Objectivity is often seen as the enemy of subjectivity and emotions and such. But aside from factual discussion (sometimes the focus really should be on facts and logic, more than how people feel about them, which can become irrelevant to a highlighted point and misleading as well) true and full objectivity, as I see it anyway, is radically accepting and can even be radically welcoming to all subjectivity as, well, really truly there.

lundi 8 mai 2017

I dislike the pretentiousness of neck ties. I have a few patterns that put a sparkle in my eye, but you can't clean them, and if you aren't ultra-careful with them, they crinkle. They seem to be built with falling apart quickly in mind. Wear one a few times and the label starts decomposing visibly from the underside, protruding from your careful neck-hanging arrangement. Solitary threads holding ends and seams together come out like roaches on a warm night. I've never seen such an excuse for charging undeserved money. Given that you can't wash them, they should be indestructible: I have similar trousers that I've been washing, drying, and sporting carelessly since 1999. Finally, oh finally: you wrap one around your neck in a slipknot, as if in a totem to your employer's power of life and death over you. This is supposed to make people take you seriously as superior to the average human. The tomfoolery of the act of tie-hanging has never rested on shaky ground, even when I have found my ego buoyed by it, even when I have gone sunning in the glow of the "discipline" of presentation, displaying cooperativeness with the effort of maintaining all this. Just because the ruse of status works on other humans, and quite consistently, and even works sometimes to fool ourselves, we can't conclude that it's non-ludicrous. I'd happily burn all my ties and wear a tail to work instead.

When my brother and I did Tae Kwon Do, we wore colorful belts. Tying one on made you feel calm and proud because you'd won it in pain and performance. When the color was black, the instructor taught you a new way to tie your belt that was more elaborate and looked better, more symmetrical. The knot seemed to enfold meaning and flowed with the uniforms, flags, bows, calls-and-responses, moments of meditation, and warm-ups of putting on a role. You wore your belt for a reason that had applied in every lesson. You led more of the exercises. When belts wore in, they'd show sand-colored underlying fabric in a way that felt elegant, even a little intimidating. You knew because you had been intimidated yourselves, then flat out-sparred. They could be washed occasionally if carefully and otherwise accumulated sweat. They were sewn, it seemed, even stronger than your exertions.

mardi 2 mai 2017

Good aboutnoon, a dream!

Often I'll doze off earlier in the night but wake up and be awake until about dawn. It's important - to me - to be able to sleep until I wake up, when I'm depleted - say until noon - today by rare occasion it was 12:30. Others might consider that a luxury, but when you have unusual circadian rhythms it's just caring about yourself, treating your health with respect, and standing up for both.

I had an amazing dream before I woke up with several ideas I want to use. I miss rollerblading... That was one of them. Two or three others were creative ideas.
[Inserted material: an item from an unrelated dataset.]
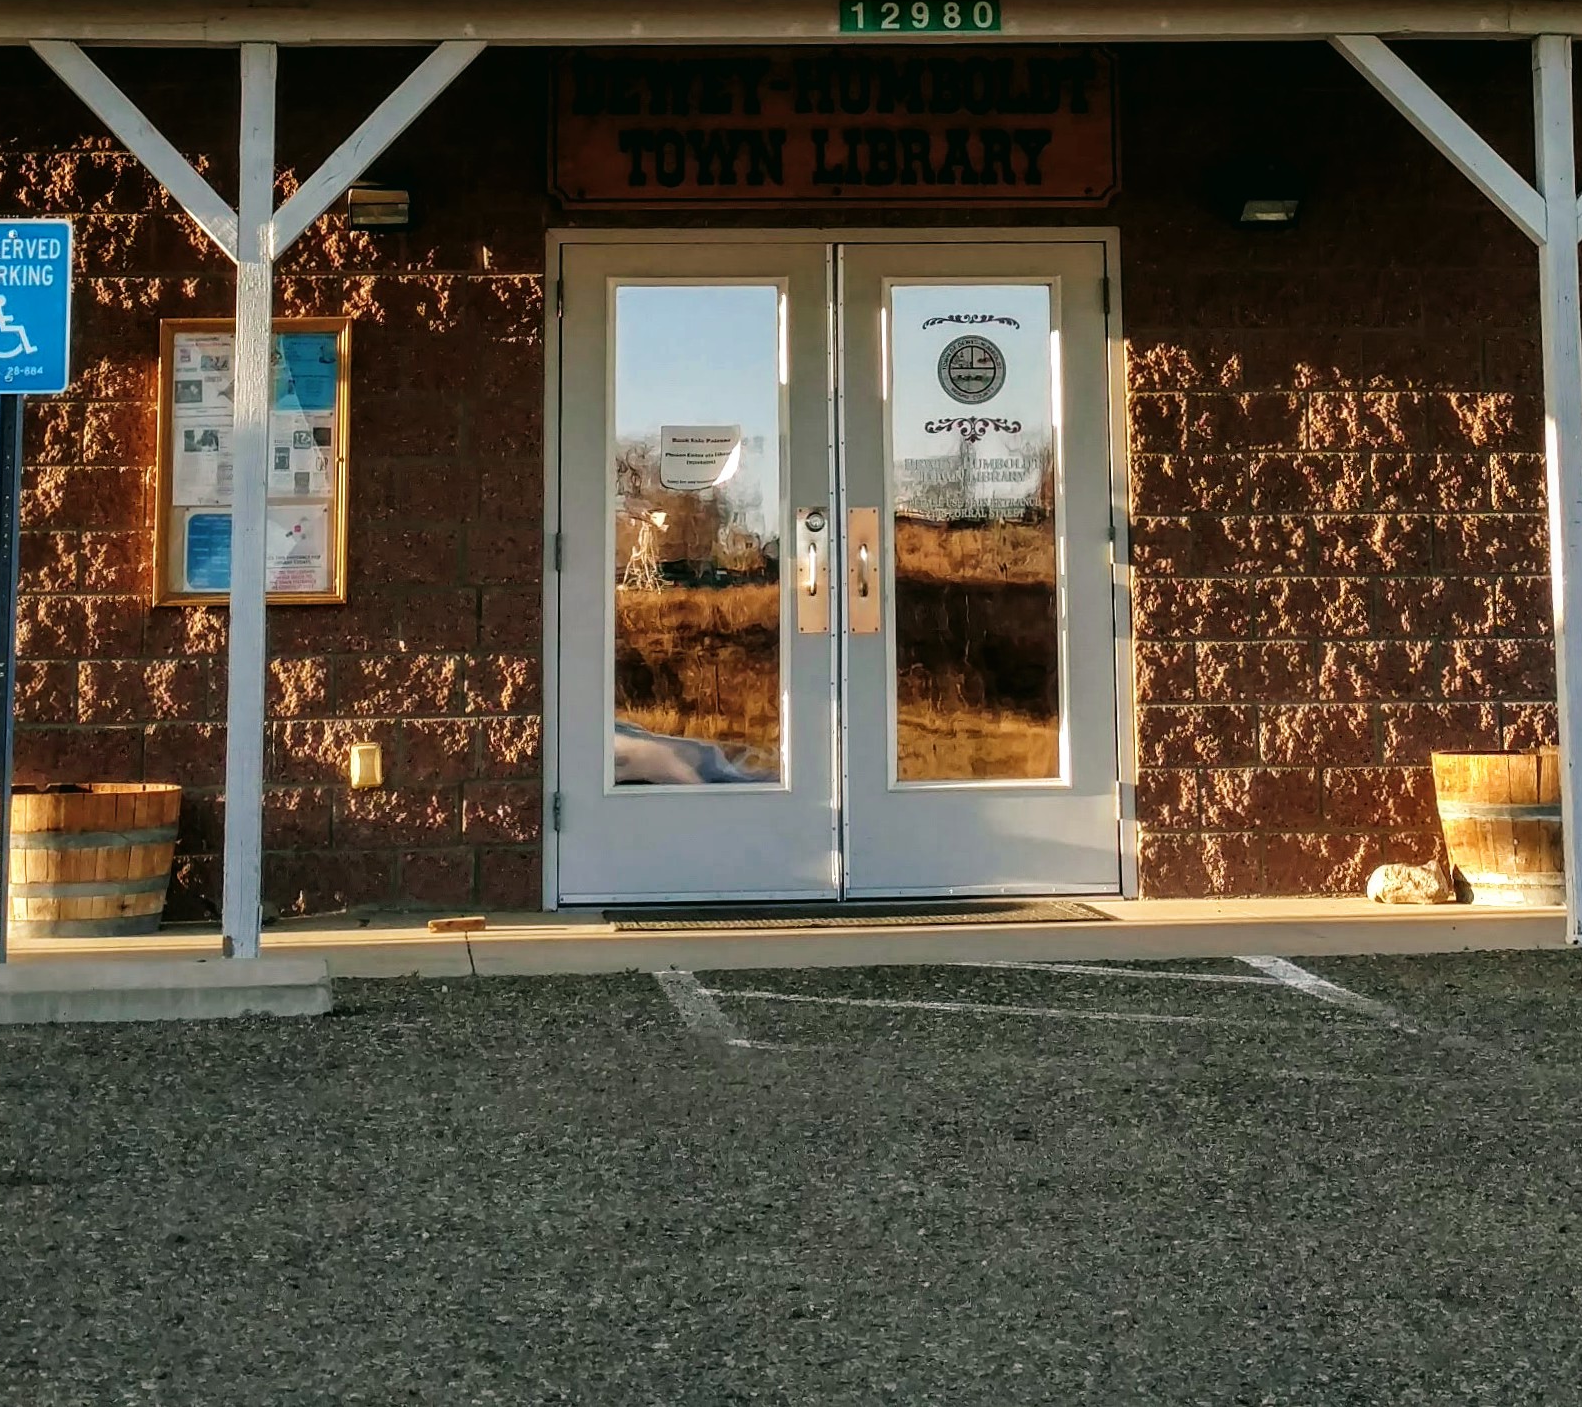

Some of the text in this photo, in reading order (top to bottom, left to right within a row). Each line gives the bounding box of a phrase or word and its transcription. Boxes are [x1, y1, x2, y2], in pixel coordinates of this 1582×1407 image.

I like the idea of picking little ideas and being really persistent with them until others follow along. The idea might be as simple as a thing to do with friends.

Before I went to sleep I traced a note in the cloud about wanting something I'm excited to code, to help me past a block on something I need to code. The dream gave me an idea I'm excited to code. In the dream I was also thinking about crunch time - the way coders are abused with unreasonable time demands on many projects. I imagined being part of a better way.